### Task directions
Write out only the tail of the records, beginning at the line containing "this 1280×1707 image." and including the last line, exactly as written.

### Records to process
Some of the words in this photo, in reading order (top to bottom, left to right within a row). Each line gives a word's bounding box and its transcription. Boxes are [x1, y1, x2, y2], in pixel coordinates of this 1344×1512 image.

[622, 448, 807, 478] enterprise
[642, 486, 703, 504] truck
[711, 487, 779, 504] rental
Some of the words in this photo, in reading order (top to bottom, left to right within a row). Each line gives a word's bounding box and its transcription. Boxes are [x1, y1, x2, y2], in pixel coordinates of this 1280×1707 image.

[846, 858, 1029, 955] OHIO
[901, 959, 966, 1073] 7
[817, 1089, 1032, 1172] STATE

### Written response
Some of the words in this photo, in reading order (top to bottom, left to right within a row). Each line gives a word's bounding box and its transcription. Boxes are [x1, y1, x2, y2], in pixel coordinates of this 1280×1707 image.

[846, 858, 1029, 955] OHIO
[901, 959, 966, 1073] 7
[817, 1089, 1032, 1172] STATE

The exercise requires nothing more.